■ **What is being asked**: Reproduce each of the entries that follow, exactly.

[Free-text object descriptions]
----------------
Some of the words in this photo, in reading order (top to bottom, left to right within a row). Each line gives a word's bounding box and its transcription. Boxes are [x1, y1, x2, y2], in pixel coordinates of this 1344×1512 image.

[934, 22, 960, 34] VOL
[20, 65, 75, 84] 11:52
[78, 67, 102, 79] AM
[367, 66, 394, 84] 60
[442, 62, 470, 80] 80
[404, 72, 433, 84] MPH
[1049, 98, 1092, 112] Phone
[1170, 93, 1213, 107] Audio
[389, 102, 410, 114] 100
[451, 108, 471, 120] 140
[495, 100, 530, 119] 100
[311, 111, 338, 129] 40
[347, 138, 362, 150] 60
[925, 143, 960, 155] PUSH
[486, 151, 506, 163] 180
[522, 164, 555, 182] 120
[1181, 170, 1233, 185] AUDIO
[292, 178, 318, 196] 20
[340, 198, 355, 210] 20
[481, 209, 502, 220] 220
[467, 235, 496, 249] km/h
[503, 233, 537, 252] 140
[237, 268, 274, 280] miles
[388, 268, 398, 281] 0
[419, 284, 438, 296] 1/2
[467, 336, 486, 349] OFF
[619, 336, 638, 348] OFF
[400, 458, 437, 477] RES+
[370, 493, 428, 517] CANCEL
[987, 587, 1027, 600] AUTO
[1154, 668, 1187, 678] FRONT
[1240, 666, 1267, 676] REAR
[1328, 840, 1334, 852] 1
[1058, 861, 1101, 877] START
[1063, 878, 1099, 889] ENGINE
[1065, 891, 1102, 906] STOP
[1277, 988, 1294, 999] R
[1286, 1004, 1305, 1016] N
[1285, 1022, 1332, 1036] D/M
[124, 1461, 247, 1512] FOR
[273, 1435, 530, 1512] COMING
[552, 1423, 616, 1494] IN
----------------
■ **Finished exercise**:
Some of the words in this photo, in reading order (top to bottom, left to right within a row). Each line gives a word's bounding box and its transcription. Boxes are [x1, y1, x2, y2], in pixel coordinates of this 1344×1512 image.

[934, 22, 960, 34] VOL
[20, 65, 75, 84] 11:52
[78, 67, 102, 79] AM
[367, 66, 394, 84] 60
[442, 62, 470, 80] 80
[404, 72, 433, 84] MPH
[1049, 98, 1092, 112] Phone
[1170, 93, 1213, 107] Audio
[389, 102, 410, 114] 100
[451, 108, 471, 120] 140
[495, 100, 530, 119] 100
[311, 111, 338, 129] 40
[347, 138, 362, 150] 60
[925, 143, 960, 155] PUSH
[486, 151, 506, 163] 180
[522, 164, 555, 182] 120
[1181, 170, 1233, 185] AUDIO
[292, 178, 318, 196] 20
[340, 198, 355, 210] 20
[481, 209, 502, 220] 220
[467, 235, 496, 249] km/h
[503, 233, 537, 252] 140
[237, 268, 274, 280] miles
[388, 268, 398, 281] 0
[419, 284, 438, 296] 1/2
[467, 336, 486, 349] OFF
[619, 336, 638, 348] OFF
[400, 458, 437, 477] RES+
[370, 493, 428, 517] CANCEL
[987, 587, 1027, 600] AUTO
[1154, 668, 1187, 678] FRONT
[1240, 666, 1267, 676] REAR
[1328, 840, 1334, 852] 1
[1058, 861, 1101, 877] START
[1063, 878, 1099, 889] ENGINE
[1065, 891, 1102, 906] STOP
[1277, 988, 1294, 999] R
[1286, 1004, 1305, 1016] N
[1285, 1022, 1332, 1036] D/M
[124, 1461, 247, 1512] FOR
[273, 1435, 530, 1512] COMING
[552, 1423, 616, 1494] IN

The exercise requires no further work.